BEGIN

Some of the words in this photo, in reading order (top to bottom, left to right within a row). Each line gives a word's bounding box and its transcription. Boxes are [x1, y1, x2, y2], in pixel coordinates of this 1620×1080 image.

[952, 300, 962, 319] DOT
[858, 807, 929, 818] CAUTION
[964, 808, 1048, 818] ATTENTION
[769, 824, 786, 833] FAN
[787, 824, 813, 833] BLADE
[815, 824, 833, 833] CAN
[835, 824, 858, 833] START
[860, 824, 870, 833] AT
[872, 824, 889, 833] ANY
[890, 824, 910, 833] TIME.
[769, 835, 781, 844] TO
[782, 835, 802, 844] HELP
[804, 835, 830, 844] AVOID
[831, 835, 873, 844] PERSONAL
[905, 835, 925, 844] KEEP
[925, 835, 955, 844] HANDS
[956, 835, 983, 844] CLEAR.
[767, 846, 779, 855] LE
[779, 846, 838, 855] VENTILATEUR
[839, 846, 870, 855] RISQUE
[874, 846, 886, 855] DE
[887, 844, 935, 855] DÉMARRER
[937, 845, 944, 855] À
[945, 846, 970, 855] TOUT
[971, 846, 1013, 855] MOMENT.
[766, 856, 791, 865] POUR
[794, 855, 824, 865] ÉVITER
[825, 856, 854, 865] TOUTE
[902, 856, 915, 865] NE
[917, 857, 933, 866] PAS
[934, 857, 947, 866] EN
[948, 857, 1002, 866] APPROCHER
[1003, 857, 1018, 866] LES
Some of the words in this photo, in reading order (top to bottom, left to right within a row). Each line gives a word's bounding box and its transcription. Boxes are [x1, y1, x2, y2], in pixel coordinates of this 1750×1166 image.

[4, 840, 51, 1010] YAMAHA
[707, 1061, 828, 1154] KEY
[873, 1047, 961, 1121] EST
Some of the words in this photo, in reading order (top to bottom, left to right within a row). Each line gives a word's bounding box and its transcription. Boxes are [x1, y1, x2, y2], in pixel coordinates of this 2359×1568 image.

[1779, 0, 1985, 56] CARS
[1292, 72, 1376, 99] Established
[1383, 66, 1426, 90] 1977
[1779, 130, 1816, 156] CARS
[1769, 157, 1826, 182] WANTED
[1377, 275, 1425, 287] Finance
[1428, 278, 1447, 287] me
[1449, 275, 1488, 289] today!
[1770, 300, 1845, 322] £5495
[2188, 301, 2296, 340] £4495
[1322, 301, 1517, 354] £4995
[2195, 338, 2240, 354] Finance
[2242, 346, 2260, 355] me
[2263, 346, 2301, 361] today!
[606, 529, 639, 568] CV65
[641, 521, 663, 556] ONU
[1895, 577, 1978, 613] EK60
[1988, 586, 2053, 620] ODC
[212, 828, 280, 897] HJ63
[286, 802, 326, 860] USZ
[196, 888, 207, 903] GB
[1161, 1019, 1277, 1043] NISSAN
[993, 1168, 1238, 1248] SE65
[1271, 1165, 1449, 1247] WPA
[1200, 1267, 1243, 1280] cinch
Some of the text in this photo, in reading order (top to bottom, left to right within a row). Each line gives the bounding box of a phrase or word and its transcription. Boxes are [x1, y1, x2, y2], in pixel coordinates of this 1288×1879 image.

END

- **YOUR OBJECTIVE**
Set down exactly what runs from the line with "this 2359×1568 image." to the last line of the data above, including both of those lines and no others.

- **RESPONSE FOR THIS EXERCISE**
Some of the words in this photo, in reading order (top to bottom, left to right within a row). Each line gives a word's bounding box and its transcription. Boxes are [x1, y1, x2, y2], in pixel coordinates of this 2359×1568 image.

[1779, 0, 1985, 56] CARS
[1292, 72, 1376, 99] Established
[1383, 66, 1426, 90] 1977
[1779, 130, 1816, 156] CARS
[1769, 157, 1826, 182] WANTED
[1377, 275, 1425, 287] Finance
[1428, 278, 1447, 287] me
[1449, 275, 1488, 289] today!
[1770, 300, 1845, 322] £5495
[2188, 301, 2296, 340] £4495
[1322, 301, 1517, 354] £4995
[2195, 338, 2240, 354] Finance
[2242, 346, 2260, 355] me
[2263, 346, 2301, 361] today!
[606, 529, 639, 568] CV65
[641, 521, 663, 556] ONU
[1895, 577, 1978, 613] EK60
[1988, 586, 2053, 620] ODC
[212, 828, 280, 897] HJ63
[286, 802, 326, 860] USZ
[196, 888, 207, 903] GB
[1161, 1019, 1277, 1043] NISSAN
[993, 1168, 1238, 1248] SE65
[1271, 1165, 1449, 1247] WPA
[1200, 1267, 1243, 1280] cinch
Some of the text in this photo, in reading order (top to bottom, left to right within a row). Each line gives the bounding box of a phrase or word and its transcription. Boxes are [x1, y1, x2, y2], in pixel coordinates of this 1288×1879 image.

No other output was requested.